Dr. Spiegel: Absolutely. I have learned so much from interacting with thousands of transgender women over the last 20 years and regularly teach my own staff, hospital staff, and people at conferences how to most effectively care for transgender patients. To be honest, it’s truly just common sense. I think that any transgender patient who seeks my care is heroic in their willingness to face the challenges they’ve been given and to take active steps to live their best life. That being said, there are many specific ways to make these patients comfortable in your office.

Dr. Stern: How can physicians who are unfamiliar with transgender and LGBTQ healthcare imperatives improve their ability to welcome, engage, and care for this community?
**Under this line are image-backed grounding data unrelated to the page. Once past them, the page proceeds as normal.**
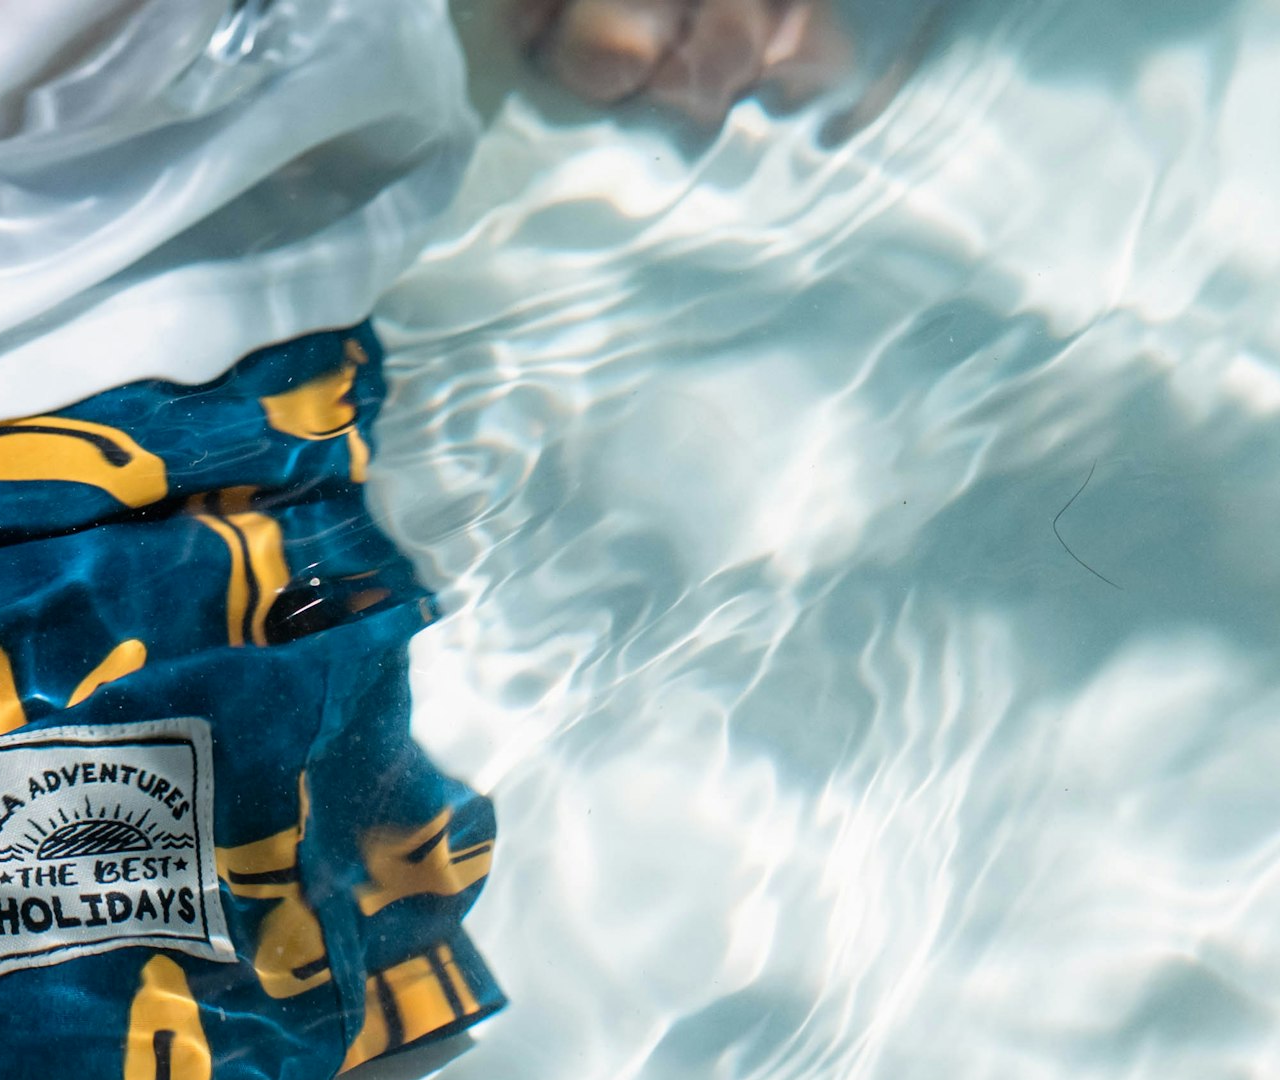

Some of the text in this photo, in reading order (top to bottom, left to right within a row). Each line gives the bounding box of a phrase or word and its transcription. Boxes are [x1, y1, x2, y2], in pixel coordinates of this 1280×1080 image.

[28, 762, 190, 820] ADVENTURES
[16, 856, 172, 888] THE BEST
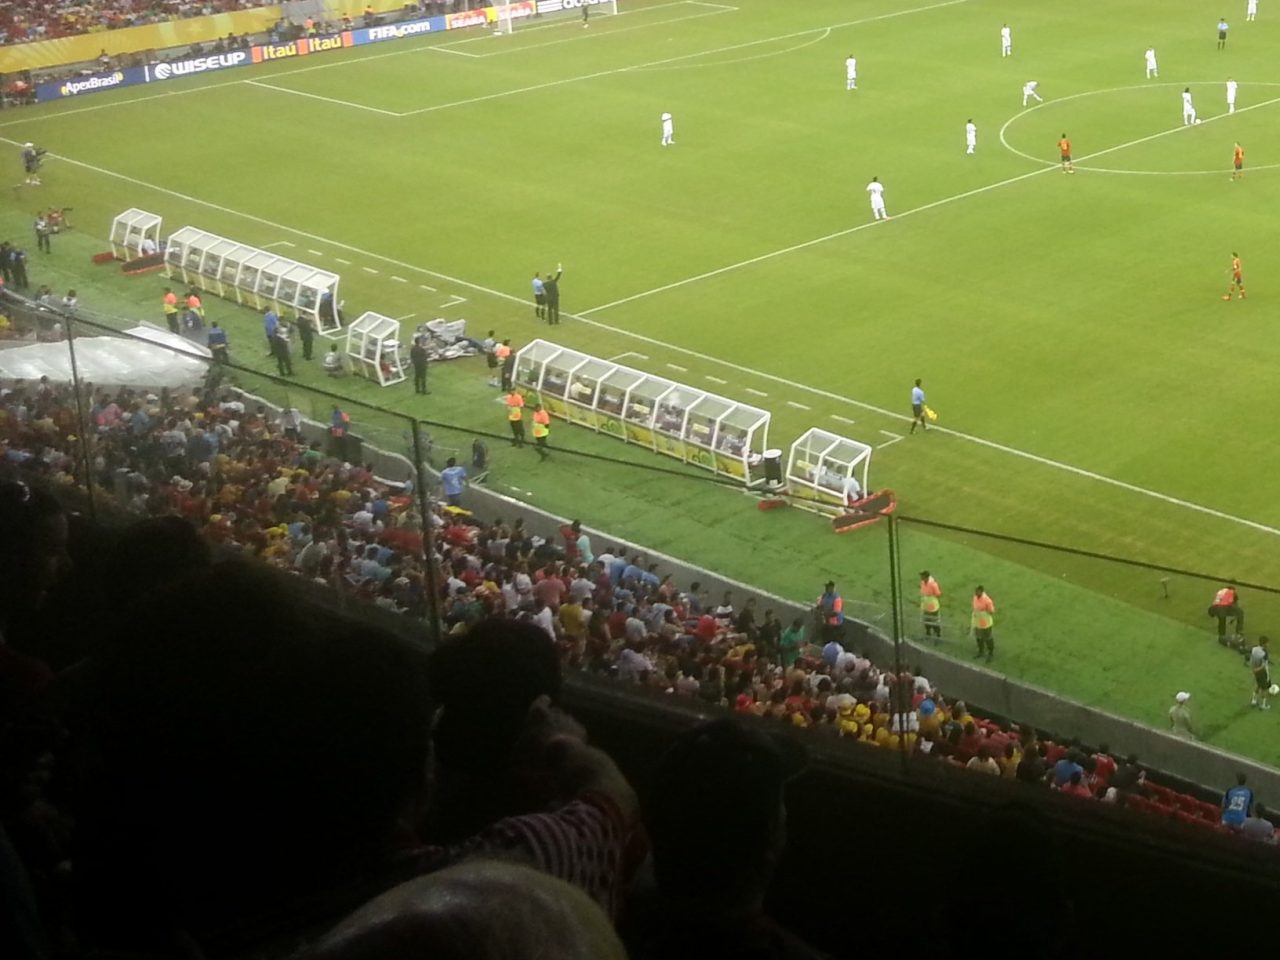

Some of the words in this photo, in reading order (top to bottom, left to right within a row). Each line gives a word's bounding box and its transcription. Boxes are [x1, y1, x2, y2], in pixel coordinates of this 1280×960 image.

[368, 20, 431, 41] FIFA.com
[263, 42, 297, 59] Itaú
[309, 35, 341, 52] Itaú
[65, 74, 120, 95] ApexBrasil
Dr. Spiegel: Perhaps the best way is to recognize that acceptance and respect are the key. If you have the skills to enable a person to look better, you can improve their health. Caring for transgender patients allows you to use all of your skills to truly and deeply help people. I think the key is to treat LGBTQ patients exactly as you would any other patient; that is, each individual has a unique medical history that contributes to their needs and treatment plan, but all of your patients are reaching out for assistance.

Dr. Stern: I know that the use of language plays an important role in developing relationships and caring for LGBTQ patients. What other dynamics should we be sensitive to? How do we finesse our history, physical examination, and counseling?

Dr. Spiegel: If you have a person whose legal name seems inconsistent with the way they are presenting, it’s a good idea to ask the person what they “go by.” Most EMR software can put in a “goes by” or “nickname” in the identification data fields. Then, use the pronouns (e.g., she, he, they) most consistent with the person’s identity. You’ll make some mistakes in the beginning, but people can tell if you are being rude or if it was an innocent error. If you slip up, just apologize and correct yourself without making a big deal about it. I assume that each of us wants all patients who come to our offices to feel welcomed and cared for in a professional environment. Being respectful and treating all people the same is an obvious part of that.

As far as our medical records, being transgender, for example, is simply one component of a person’s medical history and should be documented as such. For example, “Patient X is a 35-year-old transgender woman.” This would mean they were born with male anatomy but identify and likely present as a woman. I also make sure that my transgender patients understand the many healthcare prerequisites that need to be considered before undergoing transformative surgery, such as adjusting hormones around the time of surgery and the type and duration of hormone treatment that will effect what type of surgery they’ll need. As a result, I coordinate care with their medical doctors. I also work with the patients’ therapists and mental health professionals to determine appropriateness and timing of surgery.

Dr. Stern: Education has always been central to what we do. Any recommendations?

Dr. Spiegel: Education is key. I give lectures regularly on how to best serve the transgender population, including coaching employees on how to address their needs. Ultimately, it all comes down to understanding, caring, and empathy. Plus, you need a sense of personal pride in yourself and your office. When you take pride in your own work, you strive to provide the best experience for everyone who comes to see you. I have included some references for those who might be interested below.

Spiegel JH. Facial Feminization for the Transgender Patient. J Craniofac Surg. 2019 Jun 7.

Spiegel JH. Challenges in care of the transgender patient seeking facial feminization surgery. Facial Plast Surg Clin North Am. 2008 May;16(2):233-8, viii.

Spiegel JH. Phonosurgery for pitch alteration: feminization and masculinization of the voice. Otolaryngol Clin North Am. 2006 Feb;39(1):77-86.